Lors du récit, la similitude de votre âge avec le nôtre nous a permis de nous identifier. Nous nous imaginions comme vous, dans le bus reliant La Martinière à Rillieux avec l’angoisse de se faire contrôler. Ayant connaissance du faux nom qui figurait sur votre carte d’identité nous appréhendions avec vous cette possible rencontre.
Au moment de l’arrestation par Paul Touvier, nous sommes restés impressionnés par l’ensemble des détails que vous avez acceptés de nous offrir. A cet instant, nous ne comprenions pas l’importance de votre « pantalon long ».
Ces précisions ont ensuite laissé place à l’émotion lors du départ de votre grand-père et le sang froid de votre Maman. Le 20 décembre dernier, nous sommes allés visiter la Prison Montluc et la « baraque aux juifs » a pris tout son sens.
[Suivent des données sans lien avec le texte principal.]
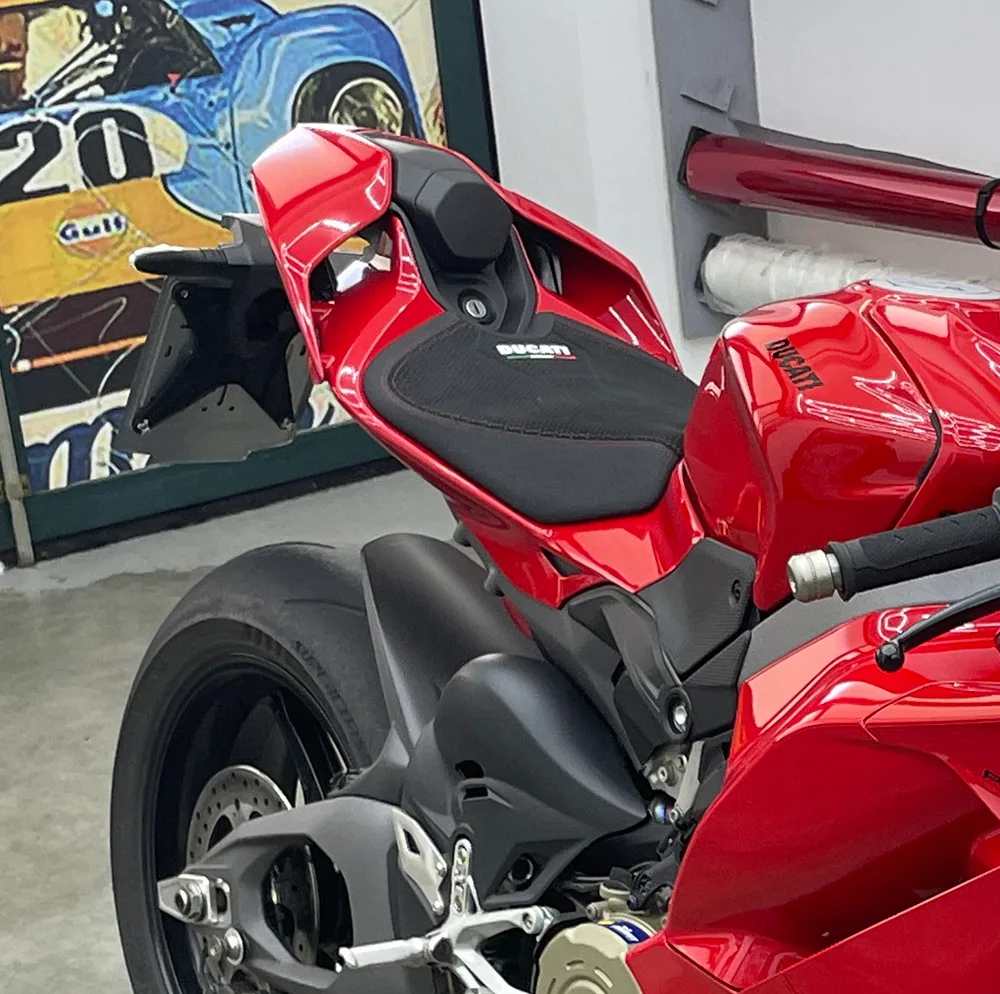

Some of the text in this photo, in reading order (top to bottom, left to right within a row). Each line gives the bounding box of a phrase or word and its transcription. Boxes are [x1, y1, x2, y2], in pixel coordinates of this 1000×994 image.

Nous vous entendions encore redire cette phrase : « avec bagage ou sans bagage ».
À la suite des collégiens de notre établissement qui ont eu la possibilité de retourner à Auschwitz avec vous, nous avons pris conscience de la gravité de ce que nous étions en train d’écouter.
Nous garderons en mémoire que, pendant que vous racontiez ce que vous aviez vécu, vous ne donniez pas votre ressenti sur les événements : que les faits. Vous avez refusé de vous faire applaudir.
Grâce à cette intervention dans notre établissement, nous avons compris ce qu’il s’était passé pendant la guerre. Ce moment nous a permis de réfléchir car, outre transmettre et ne pas oublier ce que nous avons reçu, il nous importe de ne pas refaire les erreurs du passé.
Merci, Monsieur, pour ce récit. Nous entretiendrons votre mémoire et la transmettrons : passeurs de mémoire, nous sommes dès lors « témoins du témoin ».
À plusieurs reprises, vous avez dit : « je suis petit et pas bien costaud ». Aujourd’hui, nous pouvons témoigner de votre grandeur, de votre charisme et votre générosité.
Dès lors, l’ensemble du groupe scolaire Chevreul Lestonnac et nous-mêmes tenons, avec une vive émotion, à rendre hommage à M. Bloch.
Nous sommes de ceux, nombreux mais pas assez, qui avons eu la chance de rencontrer M. Bloch et d’assister son témoignage (là aussi, le mot est faible).
En effet, trouver les bons mots, ceux qui sauront être à la hauteur de l’homme à côté duquel nous nous sentions ridiculement petits est complexe.
C’est avant tout sa capacité de résilience et son humilité qui nous ont touchés. Rien en lui ne laissait deviner un passé si chargé, et sa manière d’en parler était d’une clarté bouleversante.
Car au-delà de sa dureté, son témoignage est d’une richesse ineffable. Par son récit, il nous a transmis un pan de notre Histoire qui ne doit pas être oublié.
Claude Bloch donnait du sens à la phrase d’Elie Wiesel, prix Nobel de la paix 1986 (ancien déporté) : “Ceux qui ne connaissent pas leur histoire s’exposent à ce qu’elle recommence”, en dédiant 28 années à ce devoir de mémoire.
Ce devoir est aujourd’hui le nôtre. Nous nous devons de continuer son travail, en partageant autant que possible ses souvenirs, en veillant à ce que de telles atrocités ne se reproduisent jamais mais surtout en gardant toujours espoir, et ce, même dans les heures les plus sombres.